Place dictates who we are and how we see—this is true in life, as well as fiction. I see it in the way my father wrote about his first impressions of Fårö in his autobiography, Magic Lantern:
If one wished to be solemn, it could be said that I had found my landscape, my real home. If one wished to be funny, one could talk about love at first sight …. This is your landscape, Bergman. It corresponds to your innermost imaginings of forms, proportions, colours, horizons, sounds, silences, lights and reflections. Security is here. Don’t ask why. Explanations are clumsy rationalizations with hindsight. In, for instance, your profession, you look for simplification, proportion, exertion, relaxation, breathing. The Fårö landscape gives you a wealth of all that.
He decided because of the shape and the light and the proportions that this was where he was going to live and work. And that place is the central place in my life, too. I think probably reading these Alice Munro stories right after his death was why I copied over those quotes. They struck me—because he was dead, and also because I was mourning the fact that I was also losing my place. The island, the house on it, that’s all going to disappear now—and all the memories there, too. You cannot separate memory and place. There are certain places, if we go there, either in our writing or in reading or in life, that conjure up our deepest memories. And memories are all about who we are.
I always wondered if it really was my place. That became the big dilemma in the years after my father’s death: Was it my place, or was it his place? Places are always complicated in that way.

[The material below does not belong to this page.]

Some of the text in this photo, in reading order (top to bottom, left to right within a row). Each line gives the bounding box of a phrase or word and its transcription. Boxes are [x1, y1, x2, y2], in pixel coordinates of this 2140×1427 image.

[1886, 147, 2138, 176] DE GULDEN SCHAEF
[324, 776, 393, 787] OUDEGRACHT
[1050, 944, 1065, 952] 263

The island is not a place that says “Love me. Look how beautiful I am. You’ll be happy here.” It is not a place that tries to charm or seduce you. It’s beautiful in its starkness, in all its different rocky greys. There are old stone formations, called rauks, that are millions of years old. Red poppies grow in the summer. In the winter, there are countless shades of white. The surrounding sea, the Baltic Sea, is a broken sea: it’s losing oxygen, is filmed with algae on it, and very still. A dead ocean. It’s beautiful, but severe. The nature and the temperament of the whole, stark place—yes, you might fall in love with me, but I don’t know if I’m going to return your love ever. I know that I love the place, but I don’t know if the place loves me.
With some of the greatest loves you have, that’s the dilemma you have to live with.